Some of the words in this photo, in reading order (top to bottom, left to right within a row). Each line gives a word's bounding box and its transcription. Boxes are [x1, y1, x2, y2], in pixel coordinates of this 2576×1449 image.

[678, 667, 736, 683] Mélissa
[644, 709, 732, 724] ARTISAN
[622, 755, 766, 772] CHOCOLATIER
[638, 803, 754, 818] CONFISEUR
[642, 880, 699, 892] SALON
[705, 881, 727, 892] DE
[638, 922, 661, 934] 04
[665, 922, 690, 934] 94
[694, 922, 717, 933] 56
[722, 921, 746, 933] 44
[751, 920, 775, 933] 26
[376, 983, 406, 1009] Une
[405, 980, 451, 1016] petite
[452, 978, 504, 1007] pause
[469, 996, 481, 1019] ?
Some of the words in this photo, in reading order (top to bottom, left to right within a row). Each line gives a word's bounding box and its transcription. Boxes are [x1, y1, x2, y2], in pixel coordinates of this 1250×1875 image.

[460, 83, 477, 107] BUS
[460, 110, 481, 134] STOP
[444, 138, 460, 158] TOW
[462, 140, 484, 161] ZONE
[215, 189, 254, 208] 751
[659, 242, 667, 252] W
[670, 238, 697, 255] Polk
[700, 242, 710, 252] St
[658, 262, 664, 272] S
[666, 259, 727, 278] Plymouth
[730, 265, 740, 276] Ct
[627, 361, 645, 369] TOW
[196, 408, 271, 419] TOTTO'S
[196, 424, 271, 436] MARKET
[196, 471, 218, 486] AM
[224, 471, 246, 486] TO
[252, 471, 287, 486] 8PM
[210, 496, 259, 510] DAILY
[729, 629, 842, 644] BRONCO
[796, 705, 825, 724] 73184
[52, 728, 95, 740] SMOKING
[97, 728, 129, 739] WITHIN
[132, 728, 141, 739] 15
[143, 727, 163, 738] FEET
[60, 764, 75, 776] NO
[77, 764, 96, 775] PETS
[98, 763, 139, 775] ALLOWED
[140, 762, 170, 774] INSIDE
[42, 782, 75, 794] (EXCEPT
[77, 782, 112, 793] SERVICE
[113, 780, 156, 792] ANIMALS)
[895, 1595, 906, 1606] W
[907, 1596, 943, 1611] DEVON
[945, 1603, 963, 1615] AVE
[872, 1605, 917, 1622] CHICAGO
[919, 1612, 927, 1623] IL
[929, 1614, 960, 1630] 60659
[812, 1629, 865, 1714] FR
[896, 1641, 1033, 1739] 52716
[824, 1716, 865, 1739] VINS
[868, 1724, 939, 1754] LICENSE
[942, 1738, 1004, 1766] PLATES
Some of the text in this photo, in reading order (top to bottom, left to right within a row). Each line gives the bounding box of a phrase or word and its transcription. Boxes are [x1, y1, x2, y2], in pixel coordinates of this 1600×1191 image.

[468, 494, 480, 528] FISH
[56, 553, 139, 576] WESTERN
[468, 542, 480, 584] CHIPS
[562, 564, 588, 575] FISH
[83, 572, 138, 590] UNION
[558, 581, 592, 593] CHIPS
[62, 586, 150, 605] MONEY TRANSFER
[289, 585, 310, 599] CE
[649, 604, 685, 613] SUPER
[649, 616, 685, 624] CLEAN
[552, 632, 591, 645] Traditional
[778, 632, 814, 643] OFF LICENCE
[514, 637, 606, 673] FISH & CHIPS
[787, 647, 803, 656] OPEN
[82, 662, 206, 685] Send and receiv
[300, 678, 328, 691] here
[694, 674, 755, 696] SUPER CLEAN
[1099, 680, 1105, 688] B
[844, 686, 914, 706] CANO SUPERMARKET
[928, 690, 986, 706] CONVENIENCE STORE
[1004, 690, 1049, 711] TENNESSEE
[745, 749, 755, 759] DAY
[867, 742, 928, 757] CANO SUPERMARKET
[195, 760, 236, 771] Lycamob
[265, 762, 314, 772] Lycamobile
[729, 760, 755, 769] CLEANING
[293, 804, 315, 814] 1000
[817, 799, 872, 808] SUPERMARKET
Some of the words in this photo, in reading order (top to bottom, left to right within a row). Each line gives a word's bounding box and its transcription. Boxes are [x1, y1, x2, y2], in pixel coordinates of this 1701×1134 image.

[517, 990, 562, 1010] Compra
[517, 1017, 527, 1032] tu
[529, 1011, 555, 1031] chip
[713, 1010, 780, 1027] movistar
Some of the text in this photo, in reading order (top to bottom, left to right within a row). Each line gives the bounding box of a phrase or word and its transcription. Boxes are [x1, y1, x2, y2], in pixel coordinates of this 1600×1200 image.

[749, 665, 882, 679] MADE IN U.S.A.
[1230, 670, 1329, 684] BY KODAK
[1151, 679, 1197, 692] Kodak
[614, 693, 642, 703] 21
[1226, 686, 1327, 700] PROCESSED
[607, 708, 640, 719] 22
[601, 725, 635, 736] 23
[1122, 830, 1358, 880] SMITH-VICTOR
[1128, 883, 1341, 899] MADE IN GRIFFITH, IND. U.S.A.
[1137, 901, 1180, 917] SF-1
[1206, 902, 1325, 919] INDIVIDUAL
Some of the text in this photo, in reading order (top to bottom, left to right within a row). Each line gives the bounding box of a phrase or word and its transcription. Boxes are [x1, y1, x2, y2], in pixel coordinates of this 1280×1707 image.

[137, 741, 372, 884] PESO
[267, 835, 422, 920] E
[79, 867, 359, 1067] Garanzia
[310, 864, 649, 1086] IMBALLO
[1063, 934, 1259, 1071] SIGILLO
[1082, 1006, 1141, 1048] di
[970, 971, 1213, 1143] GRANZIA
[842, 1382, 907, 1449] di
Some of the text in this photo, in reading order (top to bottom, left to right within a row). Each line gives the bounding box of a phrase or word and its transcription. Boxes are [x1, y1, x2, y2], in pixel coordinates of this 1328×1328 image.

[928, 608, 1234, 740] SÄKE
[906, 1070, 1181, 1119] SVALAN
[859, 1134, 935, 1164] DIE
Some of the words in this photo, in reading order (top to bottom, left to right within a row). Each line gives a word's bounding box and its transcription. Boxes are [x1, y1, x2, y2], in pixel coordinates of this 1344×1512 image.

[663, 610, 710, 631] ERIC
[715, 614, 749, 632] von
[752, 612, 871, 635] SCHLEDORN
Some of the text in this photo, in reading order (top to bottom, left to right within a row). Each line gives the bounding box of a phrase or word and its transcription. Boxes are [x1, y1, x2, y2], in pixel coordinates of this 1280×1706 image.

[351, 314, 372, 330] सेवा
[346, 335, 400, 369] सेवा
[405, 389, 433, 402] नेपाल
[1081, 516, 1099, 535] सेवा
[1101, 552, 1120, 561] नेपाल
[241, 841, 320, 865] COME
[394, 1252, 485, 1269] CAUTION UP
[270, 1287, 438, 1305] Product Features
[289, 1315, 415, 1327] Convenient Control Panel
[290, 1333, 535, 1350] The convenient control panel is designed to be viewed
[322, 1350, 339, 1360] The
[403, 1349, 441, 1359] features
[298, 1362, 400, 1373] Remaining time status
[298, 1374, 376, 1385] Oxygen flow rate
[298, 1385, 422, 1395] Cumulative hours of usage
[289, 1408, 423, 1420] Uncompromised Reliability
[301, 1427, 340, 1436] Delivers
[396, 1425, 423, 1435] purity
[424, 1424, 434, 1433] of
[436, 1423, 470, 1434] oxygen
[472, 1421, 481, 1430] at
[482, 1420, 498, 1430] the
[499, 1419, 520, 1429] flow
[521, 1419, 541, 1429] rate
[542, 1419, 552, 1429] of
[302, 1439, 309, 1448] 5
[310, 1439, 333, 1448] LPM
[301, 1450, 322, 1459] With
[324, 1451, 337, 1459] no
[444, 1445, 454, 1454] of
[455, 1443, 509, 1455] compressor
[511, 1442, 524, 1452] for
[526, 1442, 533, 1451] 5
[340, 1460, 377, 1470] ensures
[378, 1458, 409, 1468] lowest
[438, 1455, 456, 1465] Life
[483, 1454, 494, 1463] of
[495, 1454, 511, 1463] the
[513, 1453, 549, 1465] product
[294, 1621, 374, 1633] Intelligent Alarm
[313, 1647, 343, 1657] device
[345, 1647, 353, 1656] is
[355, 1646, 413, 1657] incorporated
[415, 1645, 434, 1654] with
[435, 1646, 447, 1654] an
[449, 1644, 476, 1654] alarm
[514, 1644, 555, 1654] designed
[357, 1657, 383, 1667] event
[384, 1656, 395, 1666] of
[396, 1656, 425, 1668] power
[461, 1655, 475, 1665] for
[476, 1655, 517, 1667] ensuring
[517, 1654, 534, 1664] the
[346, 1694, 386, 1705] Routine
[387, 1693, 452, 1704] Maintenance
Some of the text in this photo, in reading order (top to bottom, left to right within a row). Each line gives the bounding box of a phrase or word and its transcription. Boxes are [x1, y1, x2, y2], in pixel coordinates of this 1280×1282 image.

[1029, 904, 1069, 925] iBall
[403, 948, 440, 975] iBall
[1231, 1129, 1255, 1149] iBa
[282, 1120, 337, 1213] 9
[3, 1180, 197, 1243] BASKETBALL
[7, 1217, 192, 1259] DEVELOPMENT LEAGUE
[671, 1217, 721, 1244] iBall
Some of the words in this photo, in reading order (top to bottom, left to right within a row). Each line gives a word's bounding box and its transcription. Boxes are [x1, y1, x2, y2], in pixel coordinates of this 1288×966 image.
━━━━━━━━━━━━━━━━━━━━━━━━━━━━━━
Only what runs from the line containing "this 1280×1282 image." through the final line of the entries above belongs in the answer, restated exactly.

▸ Answer to the problem
Some of the text in this photo, in reading order (top to bottom, left to right within a row). Each line gives the bounding box of a phrase or word and its transcription. Boxes are [x1, y1, x2, y2], in pixel coordinates of this 1280×1282 image.

[1029, 904, 1069, 925] iBall
[403, 948, 440, 975] iBall
[1231, 1129, 1255, 1149] iBa
[282, 1120, 337, 1213] 9
[3, 1180, 197, 1243] BASKETBALL
[7, 1217, 192, 1259] DEVELOPMENT LEAGUE
[671, 1217, 721, 1244] iBall
Some of the words in this photo, in reading order (top to bottom, left to right within a row). Each line gives a word's bounding box and its transcription. Boxes are [x1, y1, x2, y2], in pixel coordinates of this 1288×966 image.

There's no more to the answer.